As a part of the investigation, State Police were able to view surveillance cameras which captured the entire confrontation from different angles. The videos show Mr. Sparkman emerging from a wooded area adjacent to the home with a gun pointed at Mr. Browning. Although there is no audio, both Mr. Browning and Ms. Hicks indicated that Mr. Sparkman fired several shots as he approached the residence through the woods, which is corroborated by the finding of six fired 40 cal. cartridges at the edge of the wooded area. As Mr. Browning stands stationary in his driveway, Mr. Sparkman aggressively approaches Mr. Browning as both men have their guns pointed at each other. Mr. Browning actually drops his arm to his side at one point to attempt to de-escalate the situation as Mr. Sparkman continues to approach. As he gets closer, the videos show that Mr. Sparkman’s weapon discharges as he swings toward Mr. Browning’s head and hits Mr. Browning with the weapon. Mr. Browning responds by discharging several close range shots as the two men wrestle each other and exchange gunfire. Both men are struck by the other person’s gunfire. Mr. Browning received a severe leg wound while Mr. Sparkman’s injuries were fatal. Authorities are immediately contacted and dispatched to the location.

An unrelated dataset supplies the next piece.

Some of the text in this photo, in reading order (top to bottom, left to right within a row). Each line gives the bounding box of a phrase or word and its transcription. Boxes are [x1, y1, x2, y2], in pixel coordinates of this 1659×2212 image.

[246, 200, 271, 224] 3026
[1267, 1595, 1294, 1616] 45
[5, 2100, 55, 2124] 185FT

Ballistics evidence collected at the scene revealed two fired 40 caliber cartridges that were found by Mr. Sparkman’s body which were consistent with Mr. Sparkman’s weapon and eight fired 9mm cartridge cases which were consistent with the weapon owned by Mr. Browning. The autopsy would indicate that Mr. Sparkman was struck six times while it appears that Mr. Browning was struck once. Blood was drawn from Mr. Sparkman and the autopsy results showed a BAC of .117g% and no drugs. Caleb Browning’s medical records indicated that he did not have any alcohol or drugs in his system.
Louisiana Revised Statute
14:19 – Use of Force or Violence in Defense
“A person who is not engaged in unlawful activity and who is in a [lace where he or she has a right to be shall have no duty to retreat before using force or violence as provided for in this Section and may stand his or her ground and meet force with force.”
Louisiana Revised Statue 14:20 – Justifiable Homicide
A homicide is justifiable:
When committed in self-defense by one who reasonably believes that he is in imminent danger of losing his life or receiving great bodily harm and that the killing is necessary to save himself from that danger.

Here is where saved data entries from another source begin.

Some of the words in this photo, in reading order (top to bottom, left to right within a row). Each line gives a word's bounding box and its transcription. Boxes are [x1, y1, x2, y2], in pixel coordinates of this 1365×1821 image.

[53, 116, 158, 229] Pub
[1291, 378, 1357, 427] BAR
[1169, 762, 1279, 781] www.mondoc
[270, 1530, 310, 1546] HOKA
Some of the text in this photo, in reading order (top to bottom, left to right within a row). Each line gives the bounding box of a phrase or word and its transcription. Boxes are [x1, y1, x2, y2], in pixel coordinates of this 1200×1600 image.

When committed for the purpose of preventing a violent or forcible felony involving danger to life or of great bodily harm by one who reasonably believes that such an offense is about to be committed and that such action is necessary for its prevention. The circumstances must be sufficient to excite the fear of a reasonable person that there would be serious danger to his own life or person if he attempted to prevent the felony without the killing.
A person who is not engaged in unlawful activity and who is not in a place where he or she has a right to be shall have no duty to retreat before using deadly force as provided in this Section, and may stand his or her ground and meet force with force.